● **TASK TO COMPLETE**
Without the images, write out the whole listing exactly.

★ ★ ★

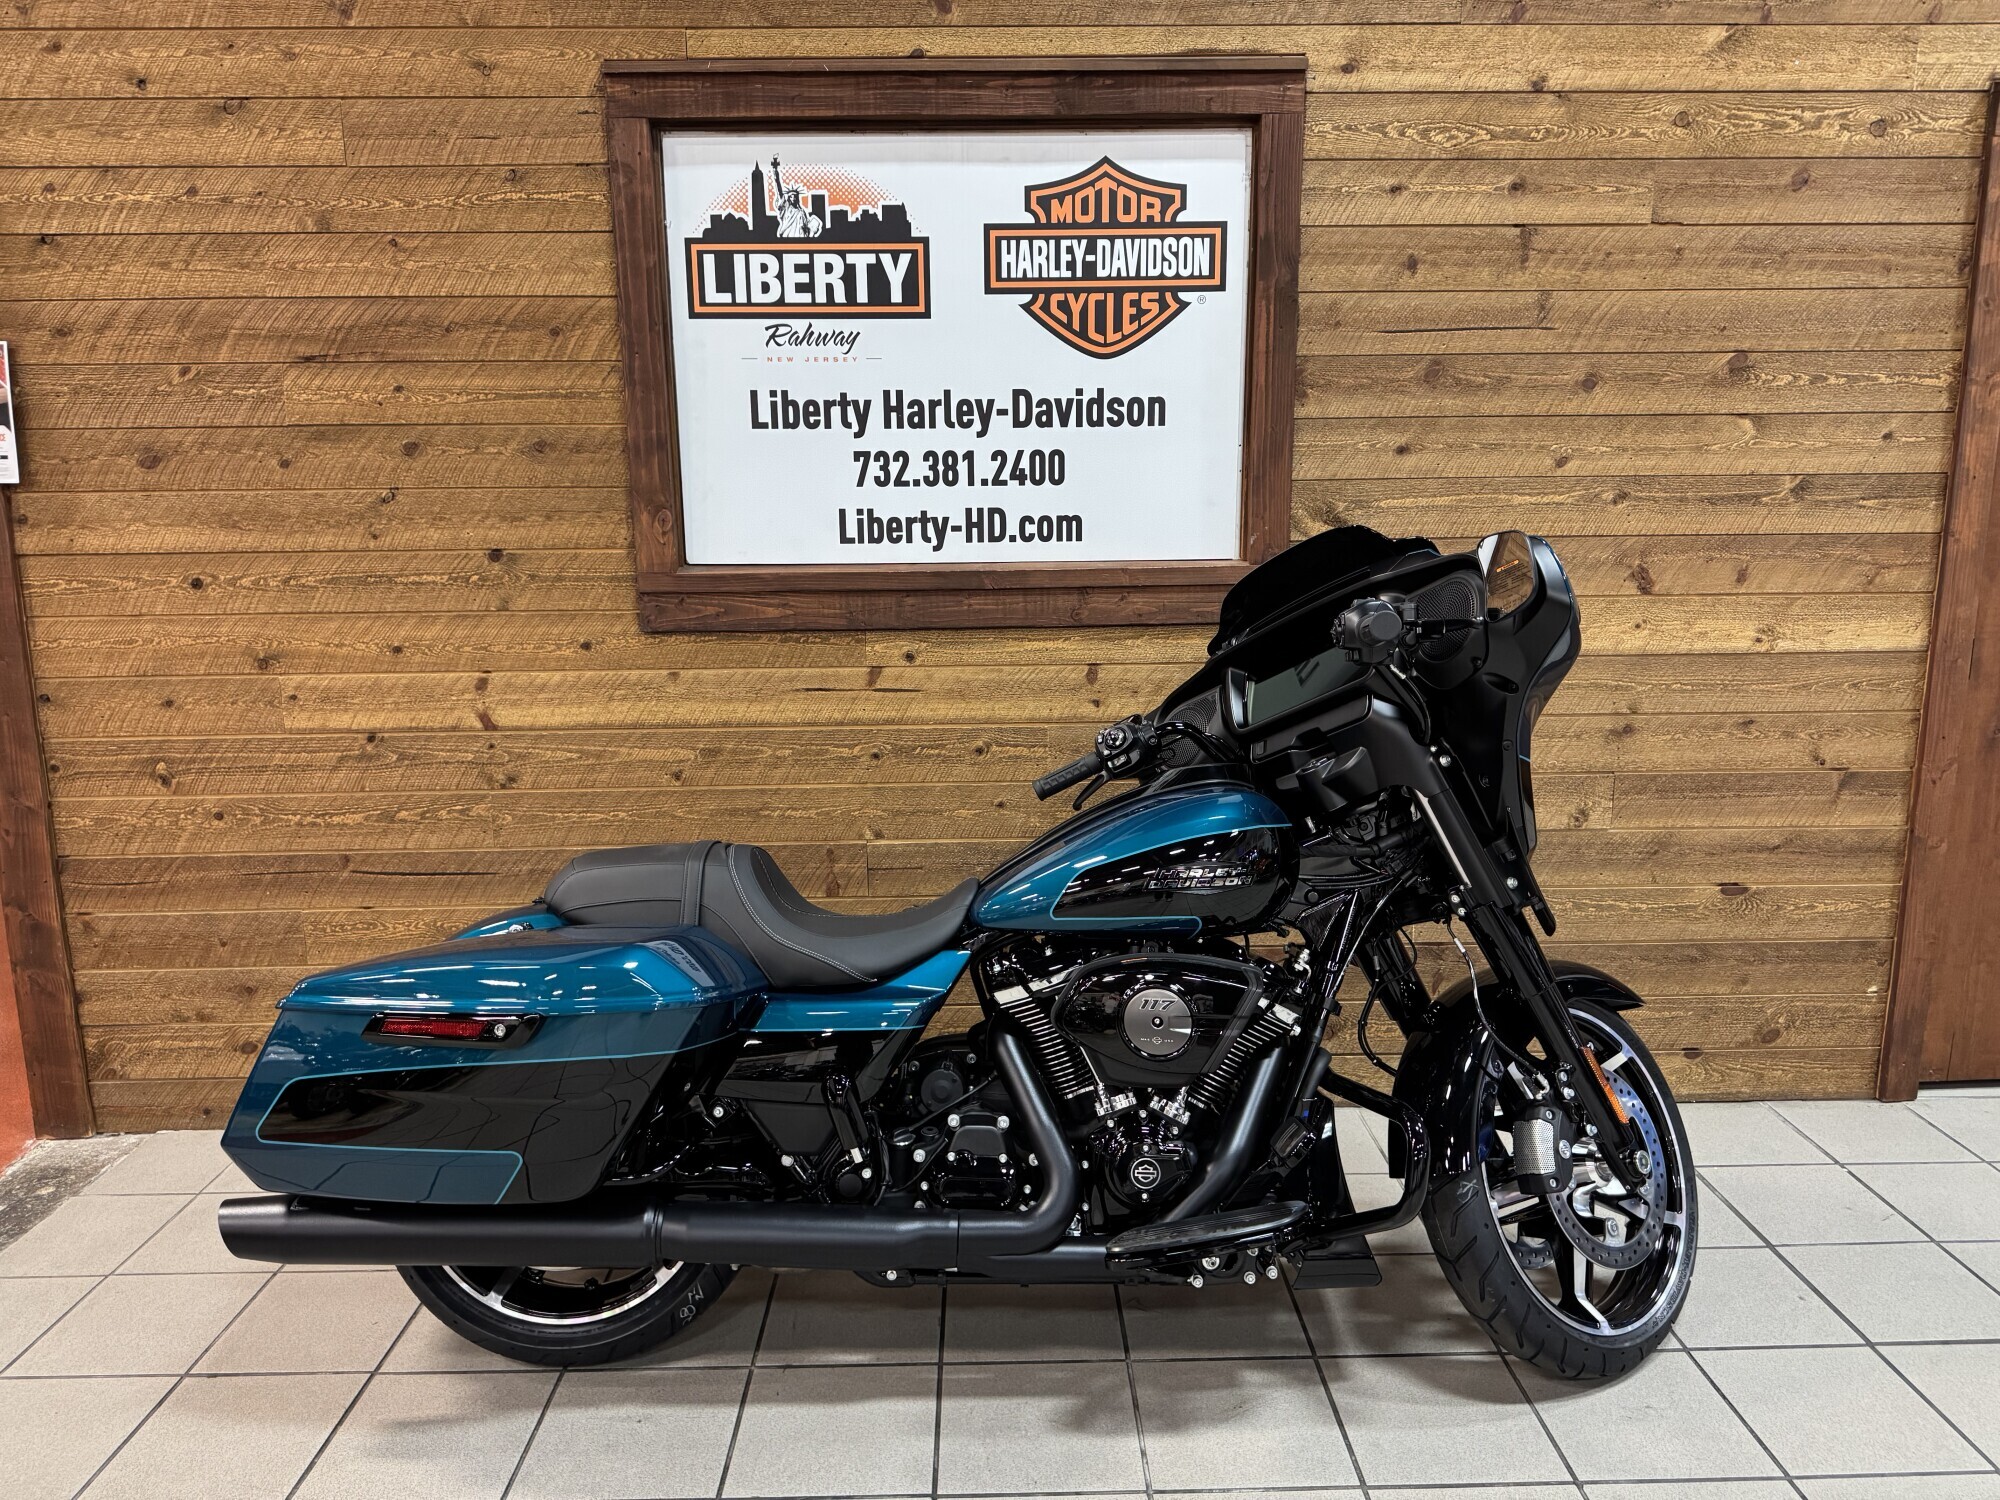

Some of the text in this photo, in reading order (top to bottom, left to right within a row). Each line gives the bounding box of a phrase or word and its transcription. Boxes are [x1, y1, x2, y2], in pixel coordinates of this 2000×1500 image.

[1050, 177, 1162, 224] MOTOR
[702, 252, 912, 304] LIBERTY
[1000, 236, 1211, 279] HARLEY-DAVIDSON
[764, 321, 861, 355] Rahway
[1049, 291, 1160, 344] CYCLES
[749, 387, 1167, 439] Liberty Harley-Davidson
[853, 448, 1066, 488] 732.381.2400
[838, 507, 1084, 553] Liberty-HD.com
[1139, 998, 1178, 1011] 117

★ ★ ★

● **SOLVED PROBLEM**
Some of the text in this photo, in reading order (top to bottom, left to right within a row). Each line gives the bounding box of a phrase or word and its transcription. Boxes are [x1, y1, x2, y2], in pixel coordinates of this 2000×1500 image.

[1050, 177, 1162, 224] MOTOR
[702, 252, 912, 304] LIBERTY
[1000, 236, 1211, 279] HARLEY-DAVIDSON
[764, 321, 861, 355] Rahway
[1049, 291, 1160, 344] CYCLES
[749, 387, 1167, 439] Liberty Harley-Davidson
[853, 448, 1066, 488] 732.381.2400
[838, 507, 1084, 553] Liberty-HD.com
[1139, 998, 1178, 1011] 117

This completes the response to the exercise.